Cuban Unionism, a Shameful Pain / Luis Felipe Rojas

The current Cuban sugarcane harvest, which has been well underway, has set off an alarming buzzer. The workers have been on shift for periods of 12 hours or more, without voicing considerable protests, except in some cases when the administrations have once again appeased the nonconformists. In provinces such as Granma, Ciego de Avila, and Holguin, diverse sources have reported the elimination of a fourth brigade in the shifts of sugar fabrication and the increase of work periods to twelve hours, however, when there are breaks or backtracks in the availability of sugarcane, the days wage- by the cut, transported, or grounded- rise up to as much as 21 hours, according to confirmations in the previously mentioned provinces.

What moves the plans of the State to attack without hesitation? Why do official unionists lie about the hygienic conditions in the workplace in Cuba? Why do they make the czar of sugarcane Jose Ramon Machado Ventura and not the men and/or women specialists who have decades of experience in the matter?

In the Convention of Forced Labor (1930; num. 29), the International Organization of Labor clearly expresses that: “The State should abstain from imposing forced or mandatory labor, and should not tolerate that others impose it as well.
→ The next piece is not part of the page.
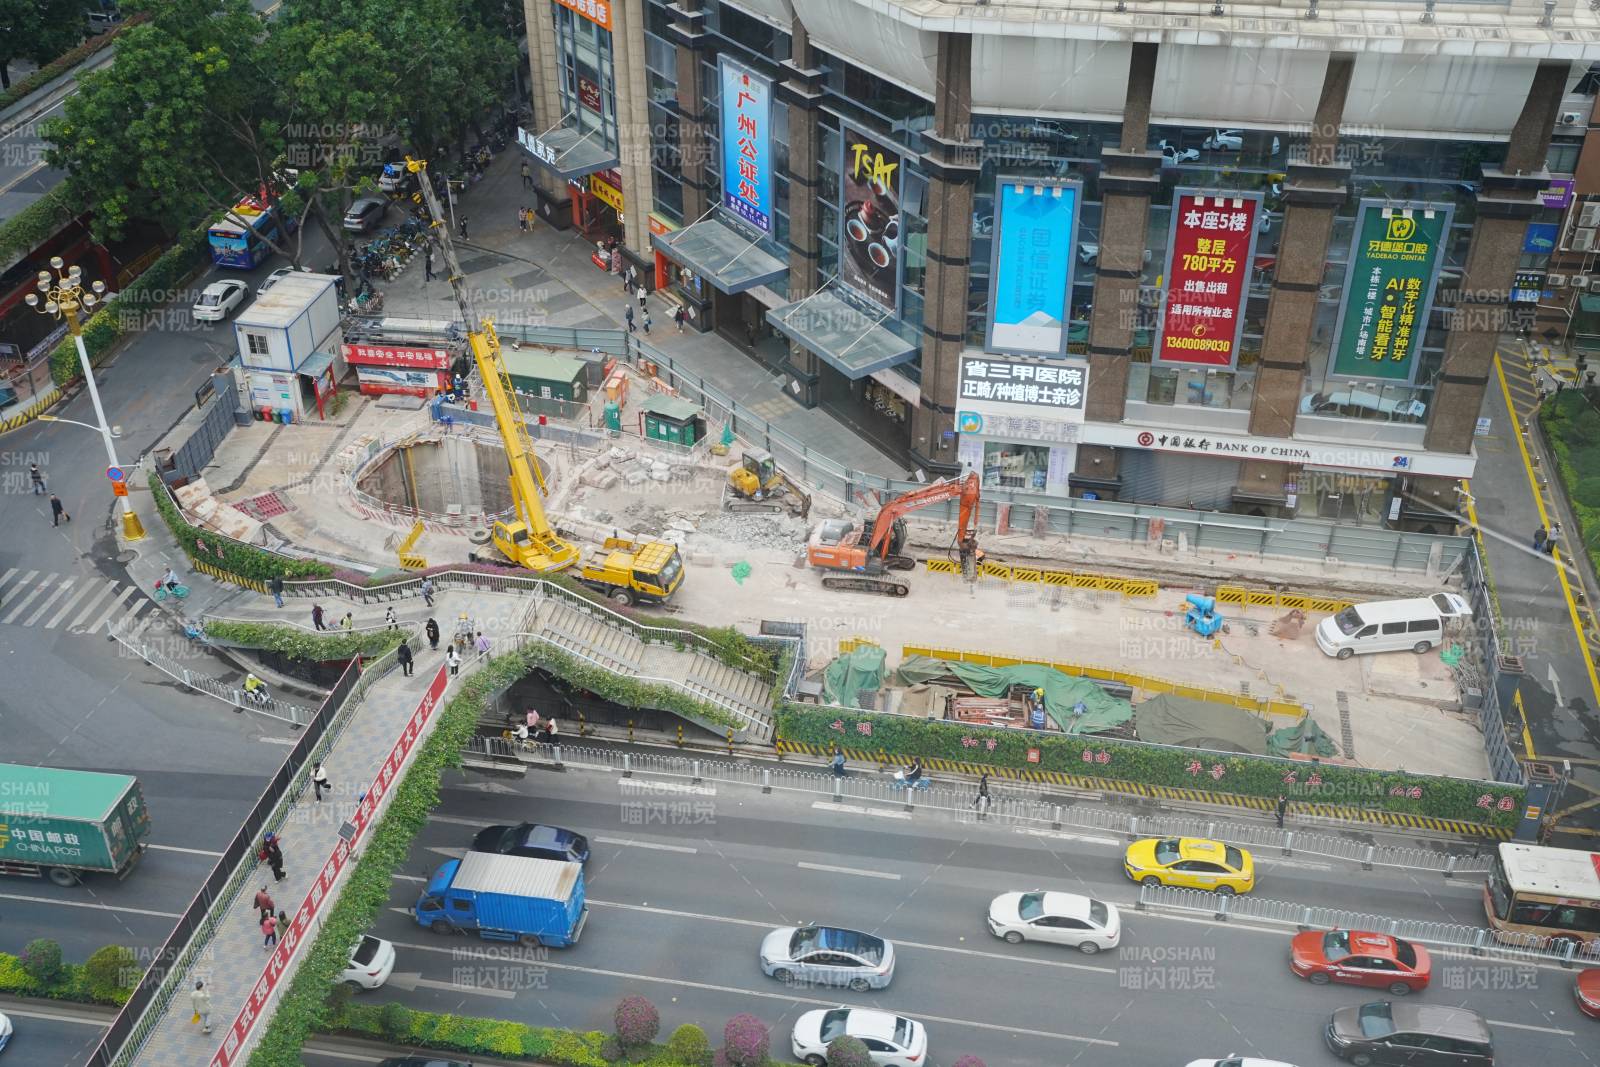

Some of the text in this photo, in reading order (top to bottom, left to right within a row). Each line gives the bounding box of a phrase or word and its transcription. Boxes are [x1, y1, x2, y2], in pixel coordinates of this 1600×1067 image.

The State should repeal all laws or rules which plan or tolerate the application of forced or mandatory labor, and should adopt measures so that all employment related to that field of labor, whether it be carried out by people with private scopes or by public functionaries, be considered illegal in the national arena”.

Up to this moment, it has been state-unionism which has promoted sugarcane workers to produce as if it were a matter of National Security, employing terms as “revolutionary commitments” and “decisive efforts” to carry out such obligations. For some years now, the workers of this sector have no longer been receiving material stimuli which range from a fan (ventilator) to a trip to Moscow.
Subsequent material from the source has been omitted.